AREX owns about 4.7% of Enhabit’s shares. The hedge fund first posited that Enhabit should be sold in a June letter to the board. Enhabit in August confirmed that it would indeed begin considering “strategic alternatives” that could include a potential sale or merger.
The new push from AREX followed an Oct. 2 filing with the U.S. Securities and Exchange Commission (SEC) that seemed to say that Enhabit had reduced its revolving credit facility, which the company later clarified was not the case.
“As we work with our advisors and prospective strategic partners as part of our strategic review, out of an abundance of caution we chose to proactively reach out to our bank group to ensure we remain in compliance with our financial covenants,” Enhabit CEO Barbara Jacobsmeyer said in a statement.
Dallas-based Enhabit operates 255 home health locations and 108 hospice locations in 34 states. The company was formed through a spin-off of Encompass Health’s (NYSE: EHC) home health and hospice segment.
Discussions of a potential sale or merger have been tied to uneven quarterly financial results. Progress on the company’s goals has not been fast enough, Jacobsmeyer said in an earnings call.
The company’s net service revenue fell 2.1% year-over-year to $262.3 million during Q2. Its hospice segment saw a modest increase at $48.5 million in Q2, up 1.5% from the prior year’s quarter.

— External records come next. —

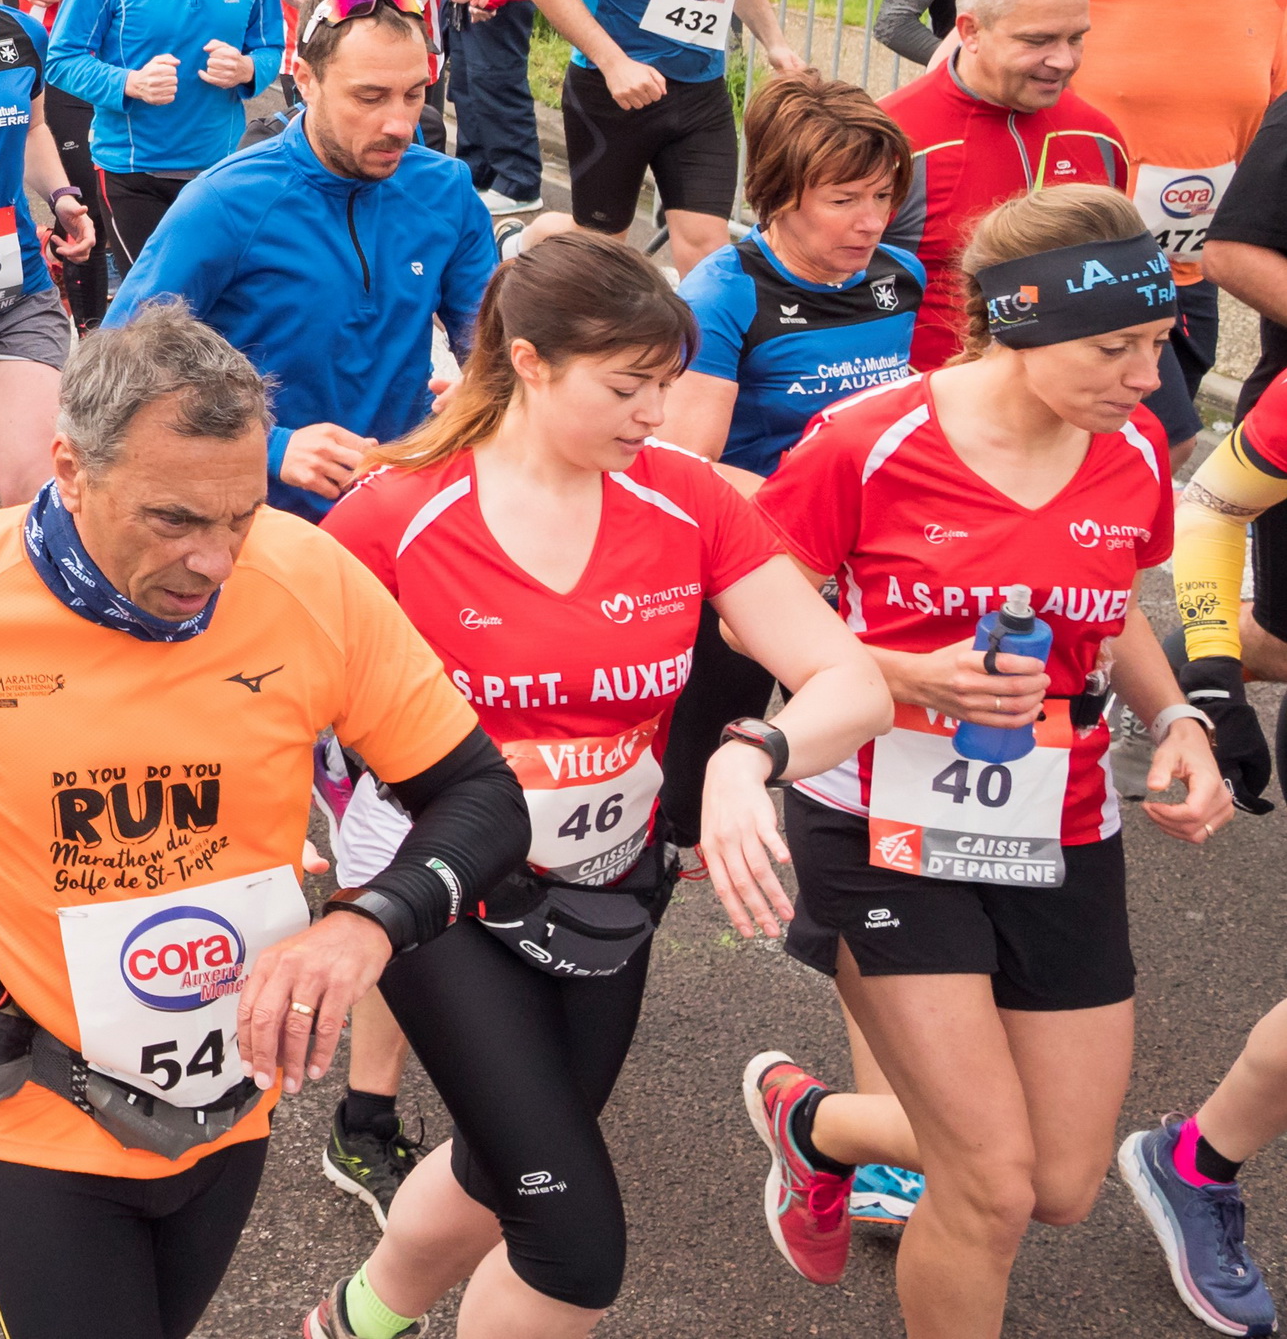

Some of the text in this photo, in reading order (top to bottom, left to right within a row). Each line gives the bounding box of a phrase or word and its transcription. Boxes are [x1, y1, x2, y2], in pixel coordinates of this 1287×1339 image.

[665, 6, 718, 35] 432
[1164, 189, 1210, 203] cora
[818, 353, 898, 379] Crédit Mutuel
[787, 382, 832, 395] A.J.
[537, 736, 628, 780] Vittel
[52, 763, 221, 788] DO YOU DO YOU
[932, 760, 1012, 807] 40
[52, 779, 220, 849] RUN
[557, 793, 624, 841] 46
[50, 828, 192, 869] Marathon du
[578, 838, 634, 876] CAISSE
[956, 836, 1030, 857] CAISSE
[54, 835, 230, 896] Golfe de St-Tropez
[927, 856, 1056, 883] D'EPARGNE
[865, 917, 900, 929] Kalenji
[128, 935, 233, 981] cora
[181, 963, 243, 989] Auxerre
[140, 1028, 223, 1091] 54
[518, 1180, 567, 1196] Kalenji
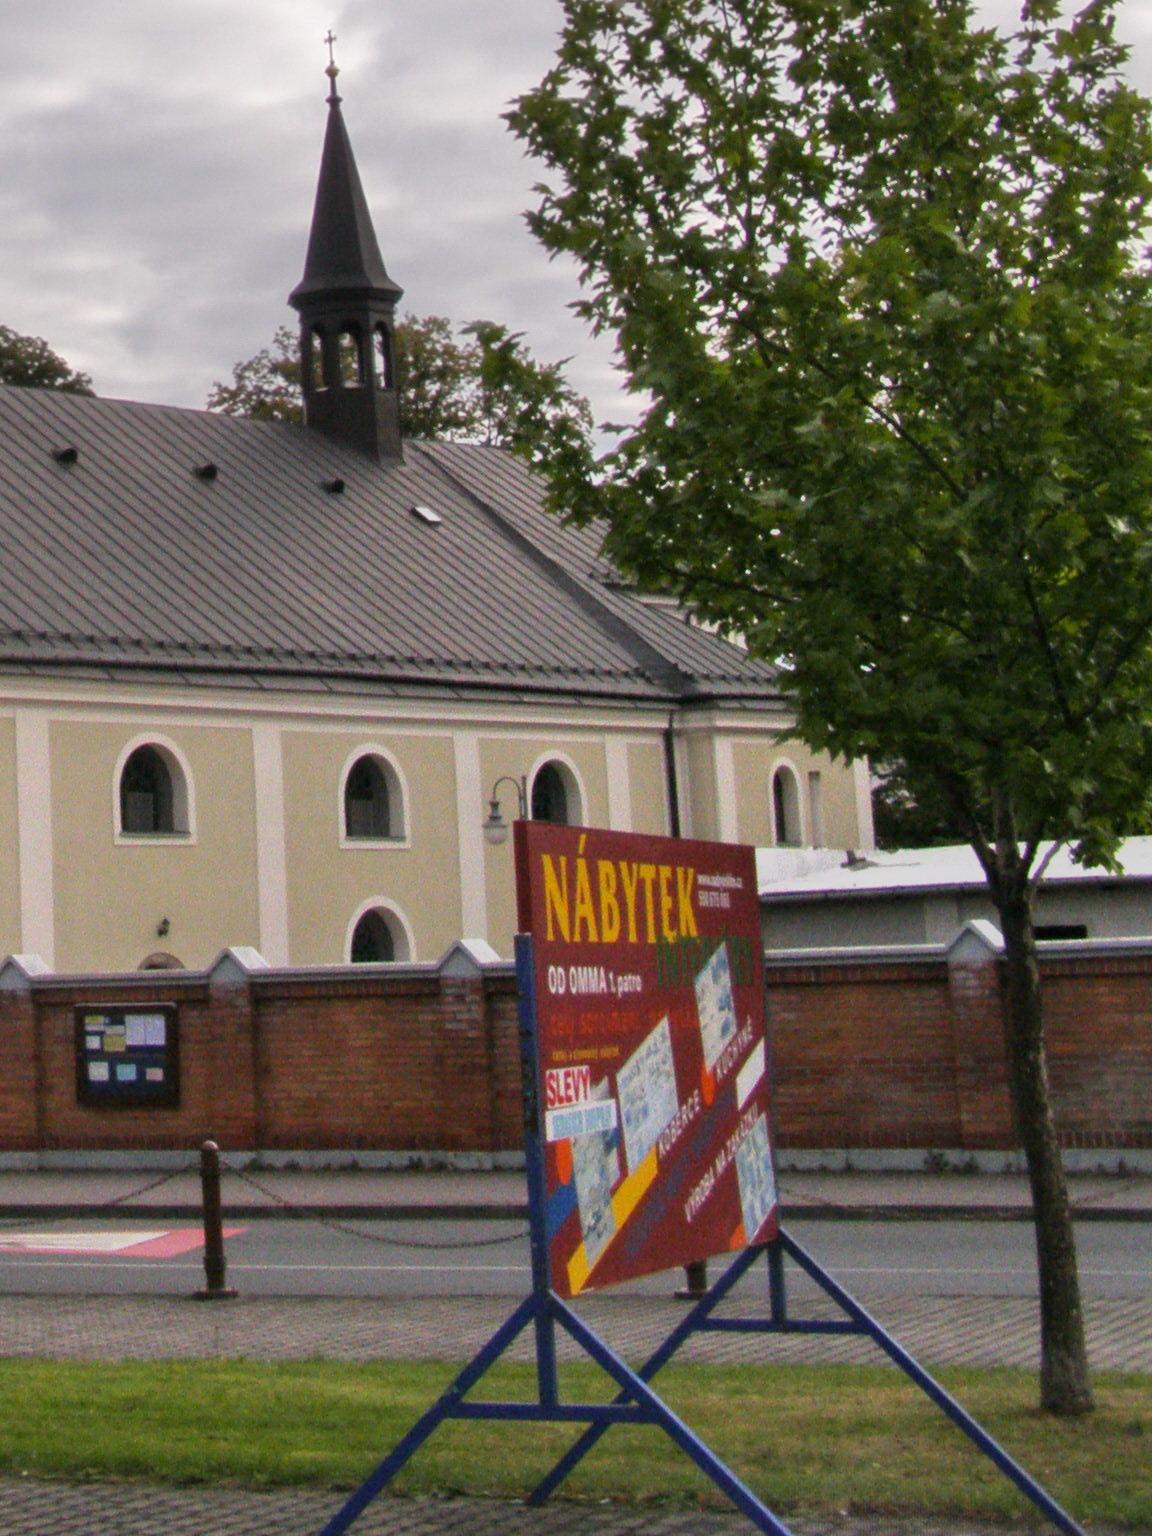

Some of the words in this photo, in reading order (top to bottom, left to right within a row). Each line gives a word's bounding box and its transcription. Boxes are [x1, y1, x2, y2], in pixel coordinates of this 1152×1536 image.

[541, 834, 699, 943] NÁBYTEK
[548, 964, 566, 995] OD
[568, 966, 607, 996] OMMA
[617, 974, 642, 999] patro
[546, 1067, 591, 1107] SLEVY
[657, 1088, 702, 1160] KOBERCE

Contributing to this was an increase in Enhabit’s non-Medicare business that did not do as well expected, the company reported.
In its letter, AREX accused Enhabit of “poor communication” that created “confusion” among investors through the SEC filing and pointed out that the document did not mention any consideration of a sale or alternative action.
“This latest debacle has once again proven the already blindingly obvious point that Enhabit must not remain a standalone public company. The value of the company’s highly strategic assets has been obscured by underwhelming execution and bloated overhead,” AREX indicated in the letter. “Thankfully, Enhabit’s strategic alternatives review process should ultimately result in a sale. We strongly emphasize to the board that there should be absolutely no question that the highest bid received in a full and fair auction is Enhabit’s fair value. A sale of the company is the only acceptable outcome for this process.”